Read Shelby Online

Authors: Pete; McCormack

Shelby (18 page)

“Oh god, that's so beautiful. I'm coming again!” She fell back on the couch and moaned.

“Shut up!”

“Oh baby, baby.”

“That's it. I'm leaving.”

“Good.”

“I mean it.” I left the room.

“You'll be back,” I heard her yell. “Your dick'll be back! Back beggin'…”

I drove home dazed, terrified of the years that lay ahead. Despite the hurt, Lucy's insults had left me aware of my pathological need to be in the throngs of sexual liaisons. Truth was, on any given day at any time I was prepared to be taken. Intercourse, in fact, had occurred to me ten or twelve times driving across the Burrard Street Bridge to her apartment. But, then again, so had cunnilingus and various paths toward spiritual growth. Nevertheless, I couldn't stop wondering what would happen if not for that mysterious
je ne sais quoi
that prevents me from acting on every urge. If it wasn't for social normality and women's rights, how far would I go? Who wouldn't I have sex with? When does a rapist become a rapist? When does a murderer become a murderer? Why
didn't
I kill Frank? I wanted to. Why didn't I hire prostitutes? I wanted to. What was keeping it all in? The wrath of God? The fear of prison? Inherent morality? Insufficient funds?
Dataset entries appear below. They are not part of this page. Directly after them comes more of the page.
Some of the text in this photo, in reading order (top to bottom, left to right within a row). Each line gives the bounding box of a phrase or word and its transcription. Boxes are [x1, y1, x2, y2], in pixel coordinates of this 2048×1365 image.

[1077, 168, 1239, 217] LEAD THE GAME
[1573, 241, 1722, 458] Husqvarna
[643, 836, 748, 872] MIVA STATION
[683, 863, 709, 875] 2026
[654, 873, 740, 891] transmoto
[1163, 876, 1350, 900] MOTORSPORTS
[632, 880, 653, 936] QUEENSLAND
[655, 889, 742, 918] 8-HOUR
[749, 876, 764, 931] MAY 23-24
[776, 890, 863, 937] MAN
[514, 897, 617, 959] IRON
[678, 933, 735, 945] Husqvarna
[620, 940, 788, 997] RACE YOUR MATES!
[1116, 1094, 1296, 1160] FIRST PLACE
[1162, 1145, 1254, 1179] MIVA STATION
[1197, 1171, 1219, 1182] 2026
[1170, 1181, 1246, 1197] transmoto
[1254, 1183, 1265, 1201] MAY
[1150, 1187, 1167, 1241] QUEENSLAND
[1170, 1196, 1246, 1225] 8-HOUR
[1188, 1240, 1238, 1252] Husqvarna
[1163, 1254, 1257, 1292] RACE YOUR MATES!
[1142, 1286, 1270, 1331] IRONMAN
Overwrought with my lack of answers, I opened the door to Eric's apartment to see through the kitchen a half dozen people on my pull-out couch ingesting varied substances; food, cigarettes, alcohol and so forth. On the floor a few feet in front of me was Eric in the lotus position, wobbling his head. He glanced up.

“Ah … you are the temple,” he said in a Chinese accent. “Fair lady works at shuttles.”

“What?”

“Golden cock stands on one leg.”

“What are you doing?”

“Tai Chi fridge cleanin'. Step back, slowly … repulse monkey.” He handed me a beer, pushed himself up, bowed, staggered to his right and took from the oven what appeared to be brownies. “Kids! Dinner's ready!” he said in a high cackle. He put the tray on the top of the stove, turned and spun out of the room, yelling to the crowd: “Darling, where the hell's my squash racket?”
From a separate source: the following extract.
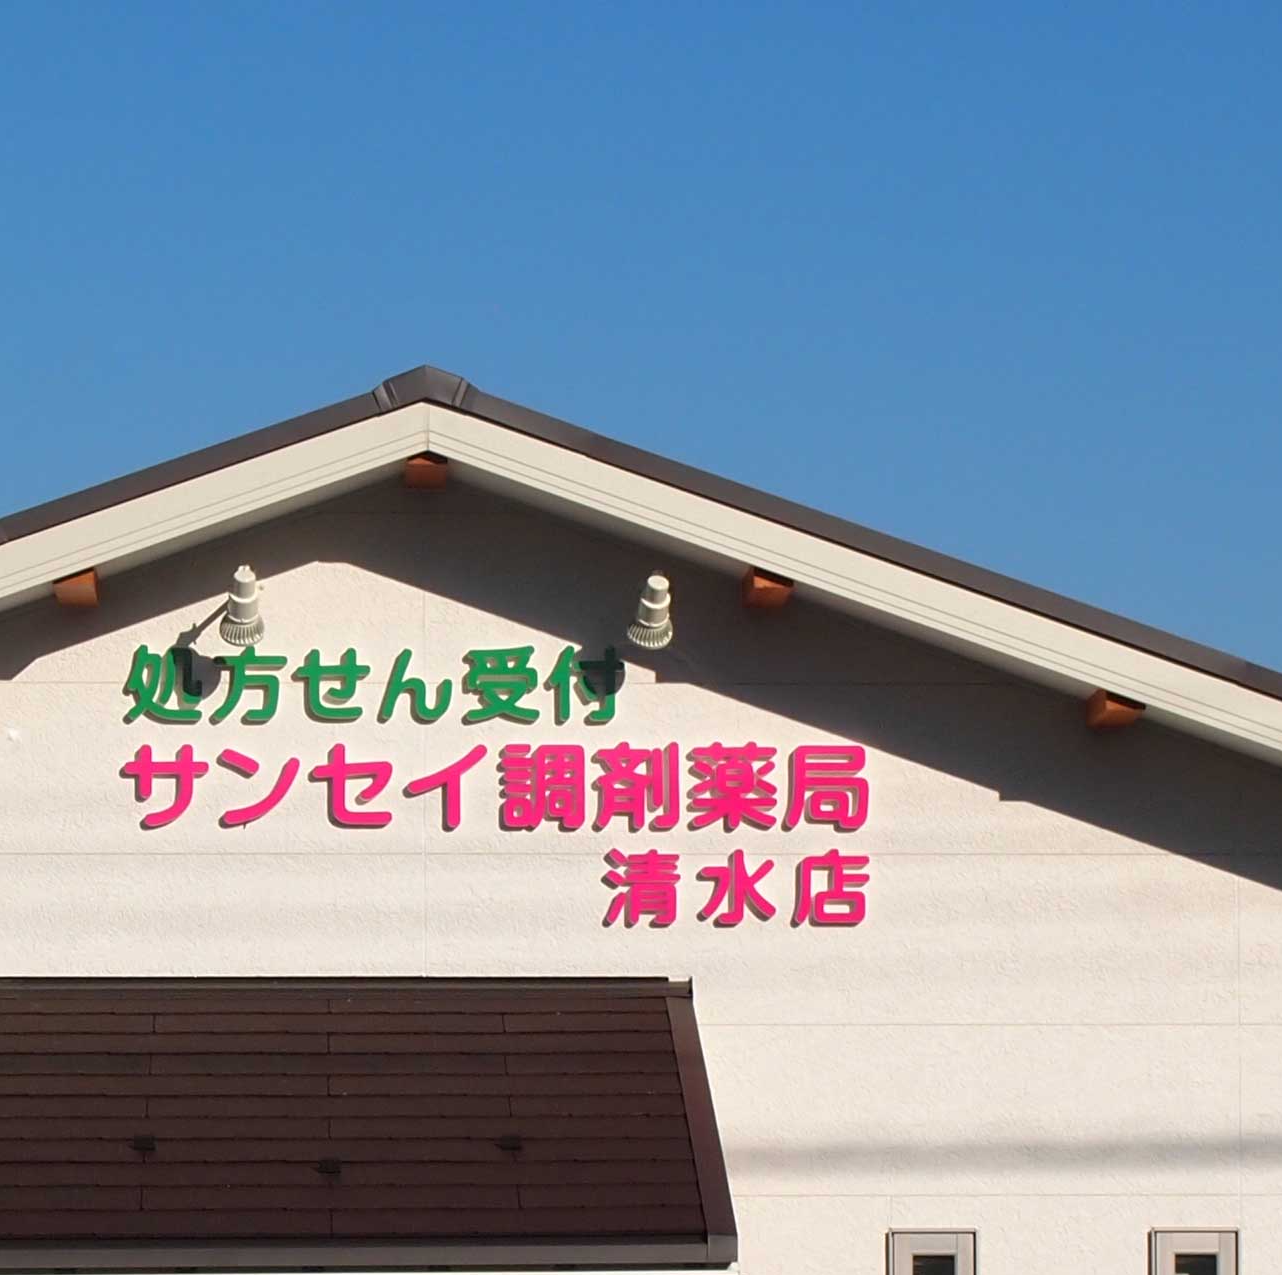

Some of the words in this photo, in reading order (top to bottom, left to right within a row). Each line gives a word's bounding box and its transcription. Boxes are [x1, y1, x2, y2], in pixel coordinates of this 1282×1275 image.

[122, 645, 625, 722] 処方せん受付
[122, 742, 870, 831] サンセイ調剤薬局
[603, 848, 870, 928] 清水店
I grabbed his shoulder. “Eric.”

He looked around.

“Can I talk to you?”

“Course.”

“Do you like sex?”

His face scrunched. “What kind o' question is that?”

“Do you think about it very much?”

“Sure.”

“How much?”

“All the time.”

“Me, too.”

“So?”

“Answer me this: If you could have relations with every women here without repercussions, would you?”

Eric turned back and surveyed the front room. “Like no AIDS and shit?”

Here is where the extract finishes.